**Task to carry out**
Return each record verbatim, images excluded.

**Extracted entries**
:::::
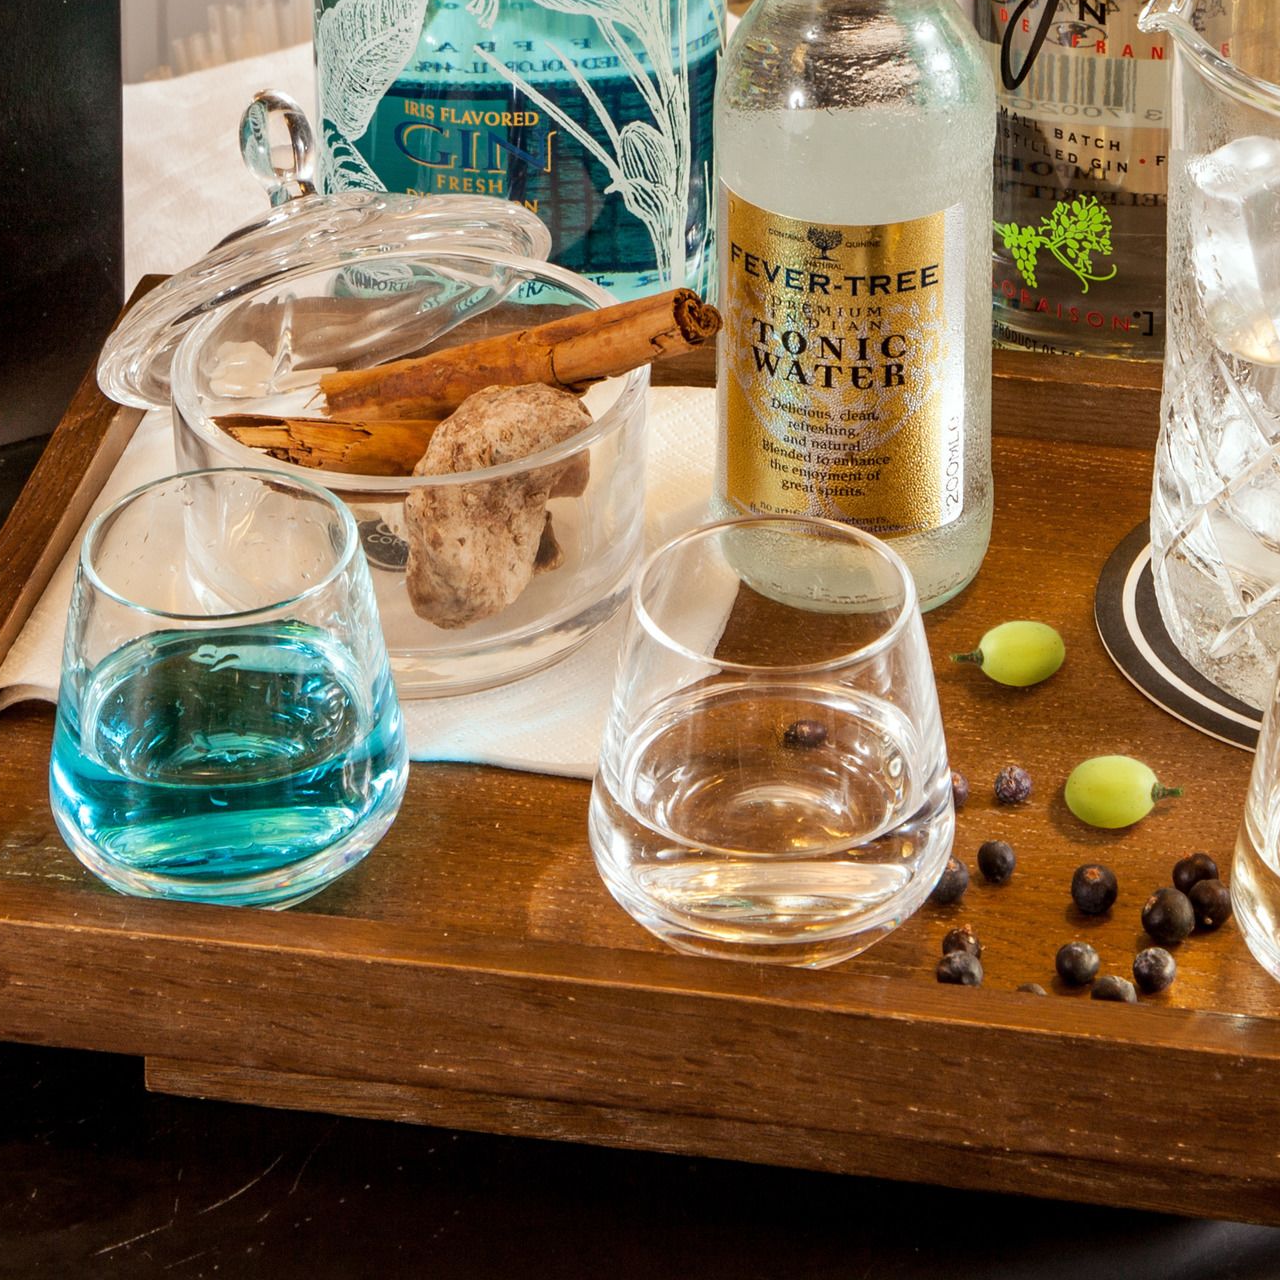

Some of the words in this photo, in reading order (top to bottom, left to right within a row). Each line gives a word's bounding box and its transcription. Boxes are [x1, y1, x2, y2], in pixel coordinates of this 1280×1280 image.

[999, 7, 1030, 33] DE
[1070, 33, 1231, 62] FRANE
[404, 99, 435, 120] IRIS
[440, 106, 540, 127] FLAVORED
[1000, 104, 1042, 133] MALL
[1054, 126, 1121, 152] BATCH
[394, 120, 557, 173] GIN
[1004, 127, 1078, 164] STILLED
[1091, 158, 1129, 174] GIN
[436, 173, 503, 194] FRESH
[730, 241, 940, 297] FEVER-TREE
[770, 295, 882, 317] PREMIUM
[993, 277, 1131, 333] ORAISON
[770, 310, 882, 331] INDIAN
[751, 317, 906, 361] TONIC
[993, 320, 1038, 352] PRODUCT
[751, 344, 906, 390] WATER
[770, 397, 835, 421] Delicious,
[783, 432, 808, 447] and
[787, 420, 860, 438] refreshing,
[762, 438, 812, 464] Blended
[815, 453, 830, 466] to
[833, 453, 891, 467] enhance
[770, 458, 789, 472] the
[792, 464, 863, 486] enjoyment
[866, 470, 881, 482] of
[781, 478, 814, 494] great
[818, 483, 866, 498] spirits.
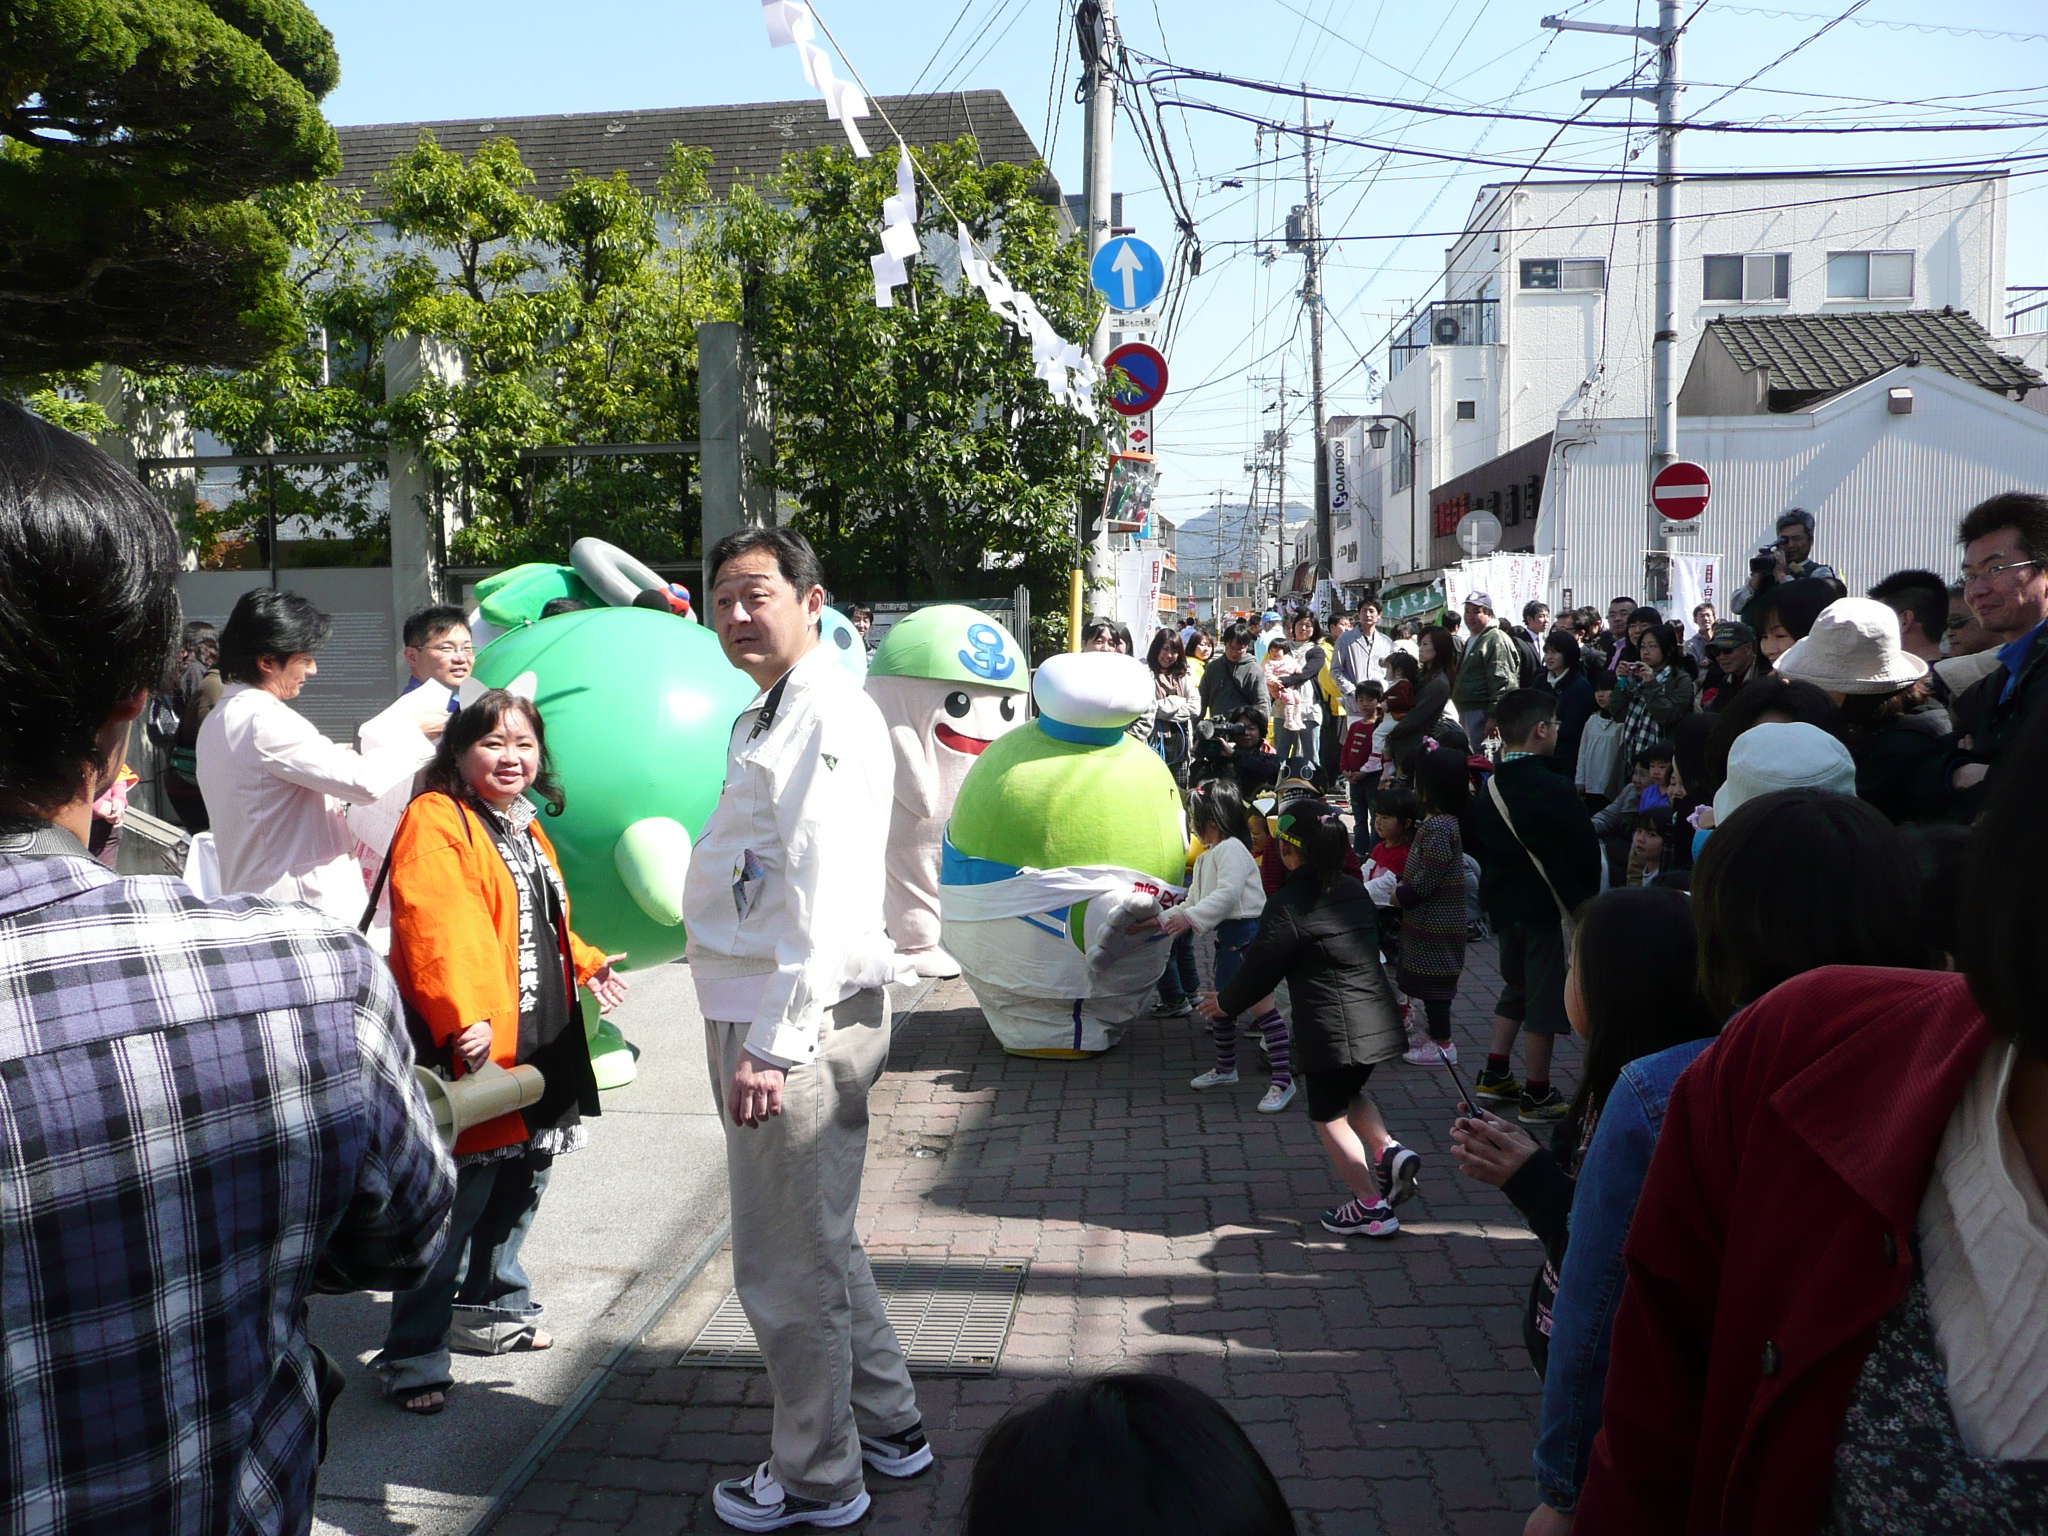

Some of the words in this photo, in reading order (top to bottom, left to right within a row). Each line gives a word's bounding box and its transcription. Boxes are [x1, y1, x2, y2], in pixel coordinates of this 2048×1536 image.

[1112, 317, 1156, 328] 二輪のものを除く
[1335, 440, 1346, 492] KOKUYO
[1662, 525, 1699, 534] 二輪のものを除く
:::::
**Solution to the problem**
Some of the words in this photo, in reading order (top to bottom, left to right within a row). Each line gives a word's bounding box and its transcription. Boxes are [x1, y1, x2, y2], in pixel coordinates of this 1280×1280 image.

[999, 7, 1030, 33] DE
[1070, 33, 1231, 62] FRANE
[404, 99, 435, 120] IRIS
[440, 106, 540, 127] FLAVORED
[1000, 104, 1042, 133] MALL
[1054, 126, 1121, 152] BATCH
[394, 120, 557, 173] GIN
[1004, 127, 1078, 164] STILLED
[1091, 158, 1129, 174] GIN
[436, 173, 503, 194] FRESH
[730, 241, 940, 297] FEVER-TREE
[770, 295, 882, 317] PREMIUM
[993, 277, 1131, 333] ORAISON
[770, 310, 882, 331] INDIAN
[751, 317, 906, 361] TONIC
[993, 320, 1038, 352] PRODUCT
[751, 344, 906, 390] WATER
[770, 397, 835, 421] Delicious,
[783, 432, 808, 447] and
[787, 420, 860, 438] refreshing,
[762, 438, 812, 464] Blended
[815, 453, 830, 466] to
[833, 453, 891, 467] enhance
[770, 458, 789, 472] the
[792, 464, 863, 486] enjoyment
[866, 470, 881, 482] of
[781, 478, 814, 494] great
[818, 483, 866, 498] spirits.

Some of the words in this photo, in reading order (top to bottom, left to right within a row). Each line gives a word's bounding box and its transcription. Boxes are [x1, y1, x2, y2], in pixel coordinates of this 2048×1536 image.

[1112, 317, 1156, 328] 二輪のものを除く
[1335, 440, 1346, 492] KOKUYO
[1662, 525, 1699, 534] 二輪のものを除く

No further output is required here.